En su primer disco, Ricarda Cometa se practica una lobotomía pública, permitiéndonos ver en detalle sus retorcijones cerebrales: piezas instrumentales para moverse como se pueda y eludir a los mutantes que siempre se esconden entre la bruma, o invitarlos a sacudirse un rato.

Por Gabriel Feldman

El espíritu de lo imprevisto y la experimentación es lo que los pone en marcha, lo que más les gusta. Ricarda Cometa empezó como un trío poco convencional de trompeta, contrabajo, guitarra, y chirimbolos. Pasaron algunos ensayos y terminaron con la formación actual que encuentra a Luciano Vitale y Jorge Espinal en guitarras, y Tatiana Heuman en batería, continuando con la fusión de ritmos y en la búsqueda de texturas sonoras particulares. De esos esfuerzos se materializó su primer disco, con toda música improvisada -como indican entre las aclaraciones técnicas- editado por el sello local Jardinista!Recs.

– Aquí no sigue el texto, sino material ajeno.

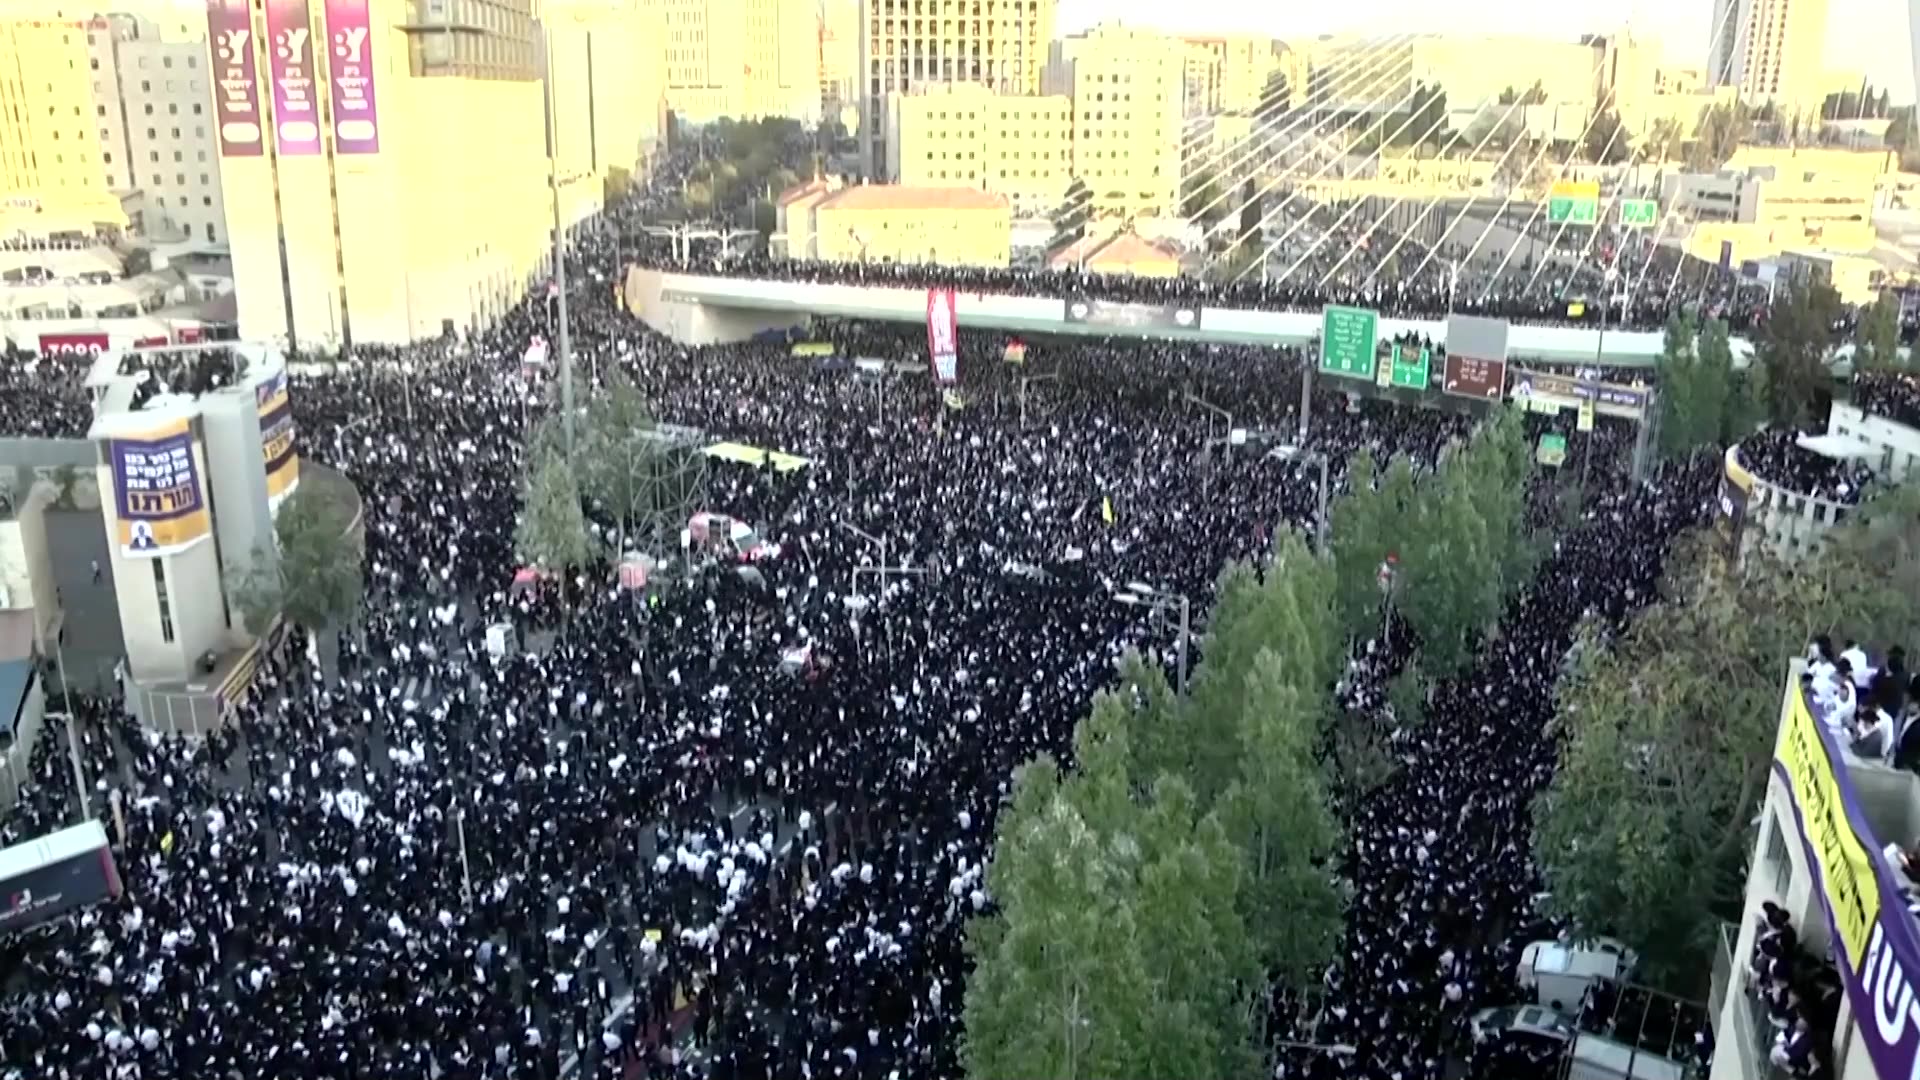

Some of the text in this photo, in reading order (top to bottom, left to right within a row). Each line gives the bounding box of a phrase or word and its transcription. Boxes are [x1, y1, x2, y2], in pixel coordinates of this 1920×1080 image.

La portada explosiva del artista japonés Hideyuki Katsumata lo ilustra muy bien: La fusión también se encuentra ahí, en ese monstruo deforme partido en dos por un rayo energético. Lisérgico, delirante, y con toques místicos. Caras de una misma moneda. También suenan así estas no-composiciones-instrumentales compuestas, con una cadencia mucho más bailable de lo que hubiéramos arriesgado, en un repertorio integrado mayoritariamente por cumbias travestidas (“Dale matraca”, “Mango biche” o “Glaseando el camote”) que se mezclan con algunos arrebatos más violentos y piezas ambientales oscuras. Ellos lo llaman Pachanga Noise, un camino que los pone como representantes de la experimentación e improvisación, al igual que les permitió telonear a los Yeah Yeah Yeahs en el show que dieron en Groove el año pasado.

Los mutantes porteños se reúnen para compartir momentos donde se presenten oportunidades ventajosas y el “Sin chapa” es una discusión acalorada –casi a las manos–, donde el contrapunto de las guitarras escala en virulencia hasta que se pisotean y nadie dice más nada. En “Tembleque”, si la realidad fuera menos mezquina, podría ponerse a cantar Nick Cave alguna historia infame; la muerte en una de sus múltiples variantes (Idea: madre soltera envenena hijo porque tiene un tumor en el último grado de evolución y su amante no quiere ser padrastro). El costado esotérico también se alimenta de “Más allá vente más pa’ acá” donde, entre la bruma espesa que escupen las guitarras y la percusión, un médium y sus acólitos largan gemidos en una sesión de espiritismo. Y será ese mismo coro de enajenados el que rematará el disco a grito seco, unidos por un mismo pedido, mientras encuentran los pasos para mover su cuerpo con desmesura: “¡Los Animales!”.

Un pasito así, ¿querés bailar conmigo?

La media hora de música nos va a parecer poco. Cuando uno ya este cómodo todo terminará. Aunque en parte de eso se trata: retirarse de las zonas de confort para encontrar otras cosas que también nos inquieten, sean cumbias retorcidas o paisajes sonoros vibrantes.  No sea sonso, dele matraca.